*REQUIRED WORK*. Carry over every entry exactly as written, though not the pictures it contains.

:: LISTED RECORDS

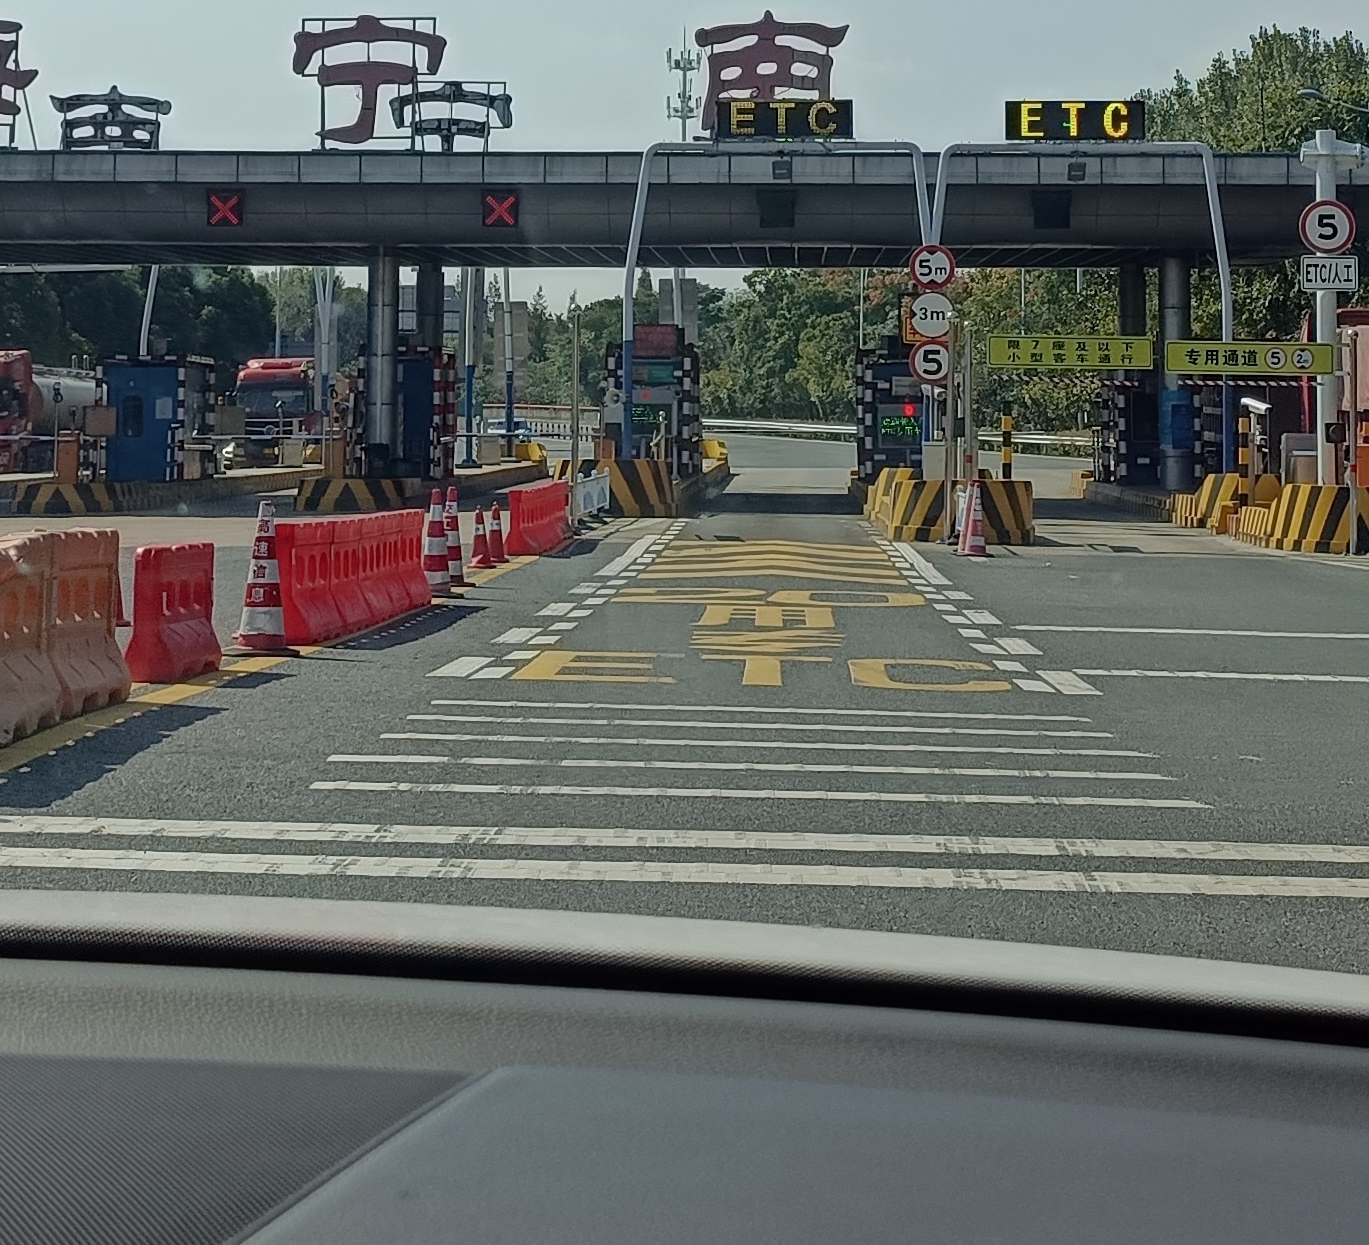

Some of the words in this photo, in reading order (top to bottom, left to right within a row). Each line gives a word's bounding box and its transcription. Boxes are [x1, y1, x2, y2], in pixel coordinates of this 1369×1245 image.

[730, 100, 837, 135] ETC
[1020, 101, 1129, 138] ETC
[1317, 213, 1338, 241] 5
[918, 258, 947, 277] 5m
[1305, 262, 1353, 284] ETC/人工
[919, 307, 946, 321] 3m
[922, 349, 942, 375] 5
[1185, 349, 1259, 366] 专用通道
[1270, 351, 1281, 366] 5
[610, 587, 928, 608] 20
[510, 649, 1011, 692] ETC
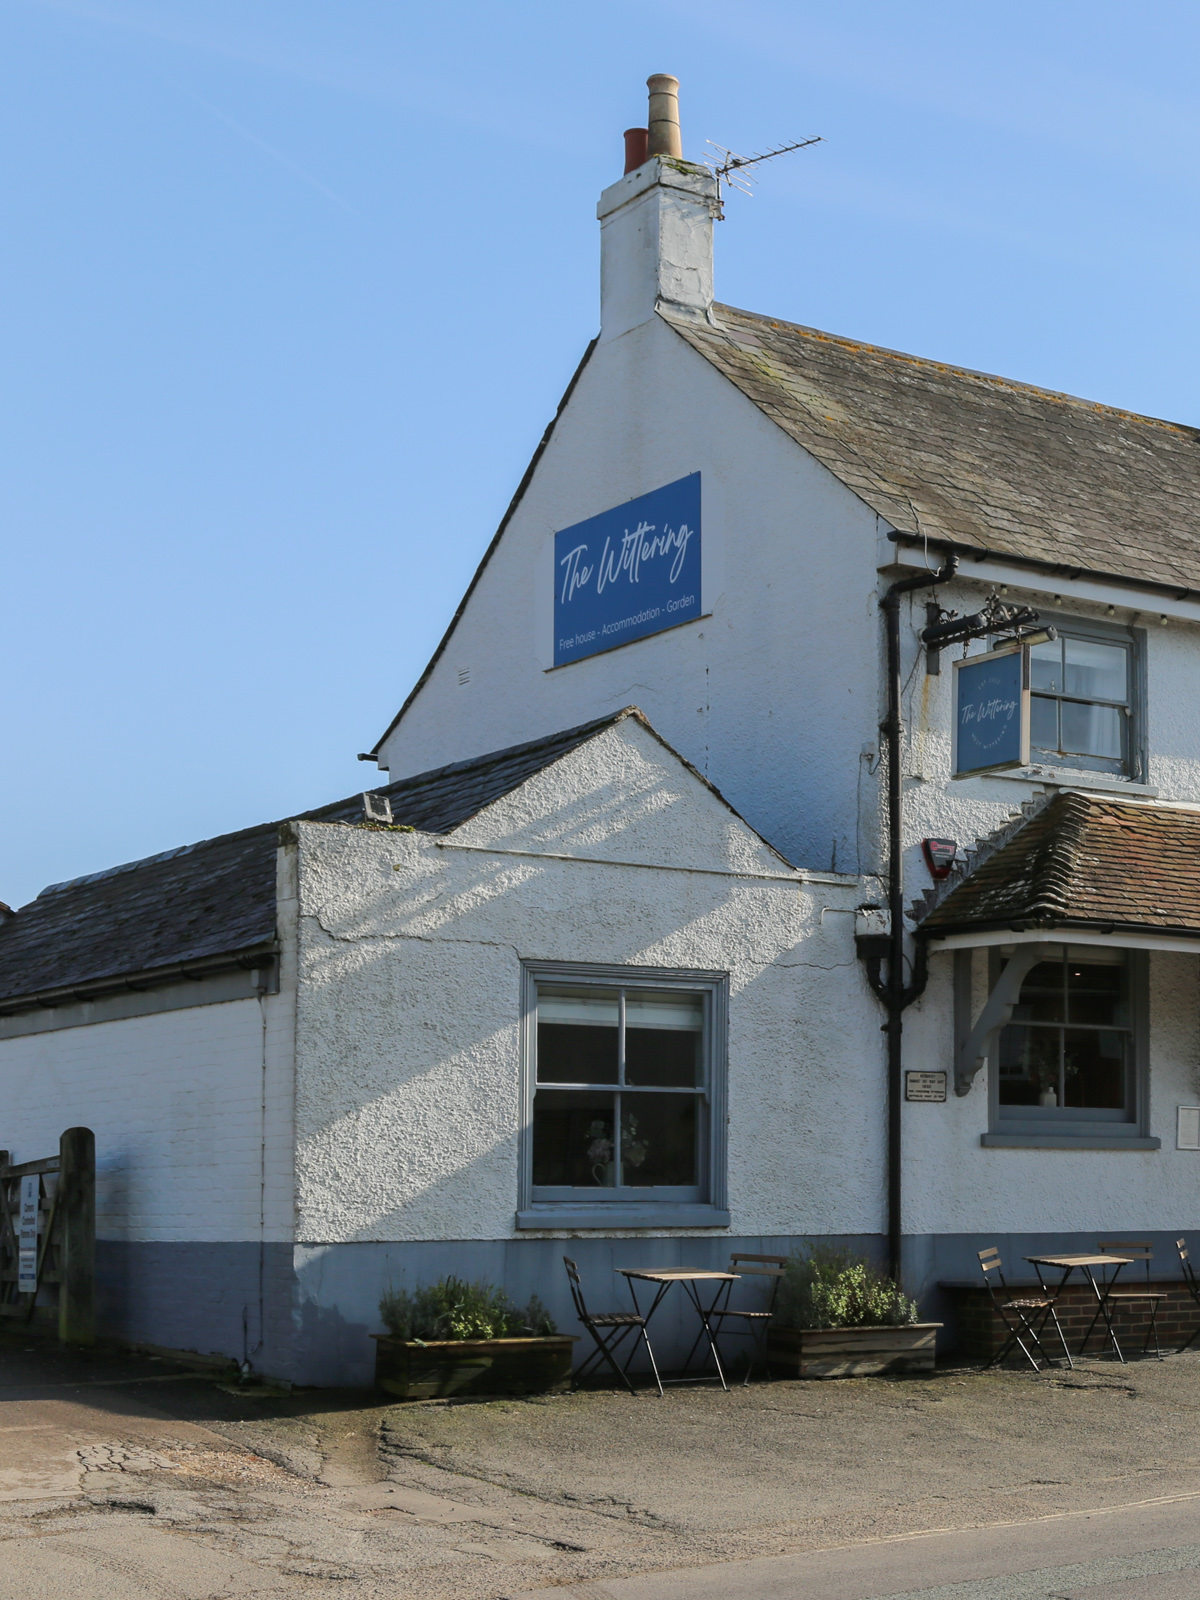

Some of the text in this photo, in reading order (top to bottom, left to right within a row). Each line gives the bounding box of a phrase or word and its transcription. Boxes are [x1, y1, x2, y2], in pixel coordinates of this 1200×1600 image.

[561, 521, 693, 604] The Wittering
[559, 639, 574, 650] Free
[575, 630, 596, 645] house
[602, 607, 660, 635] Accommodation
[667, 594, 695, 613] Garden
[962, 698, 1018, 724] The Wittering

::::

*YOUR RESPONSE*.
Some of the words in this photo, in reading order (top to bottom, left to right within a row). Each line gives a word's bounding box and its transcription. Boxes are [x1, y1, x2, y2], in pixel coordinates of this 1369×1245 image.

[730, 100, 837, 135] ETC
[1020, 101, 1129, 138] ETC
[1317, 213, 1338, 241] 5
[918, 258, 947, 277] 5m
[1305, 262, 1353, 284] ETC/人工
[919, 307, 946, 321] 3m
[922, 349, 942, 375] 5
[1185, 349, 1259, 366] 专用通道
[1270, 351, 1281, 366] 5
[610, 587, 928, 608] 20
[510, 649, 1011, 692] ETC

Some of the text in this photo, in reading order (top to bottom, left to right within a row). Each line gives the bounding box of a phrase or word and its transcription. Boxes are [x1, y1, x2, y2], in pixel coordinates of this 1200×1600 image.

[561, 521, 693, 604] The Wittering
[559, 639, 574, 650] Free
[575, 630, 596, 645] house
[602, 607, 660, 635] Accommodation
[667, 594, 695, 613] Garden
[962, 698, 1018, 724] The Wittering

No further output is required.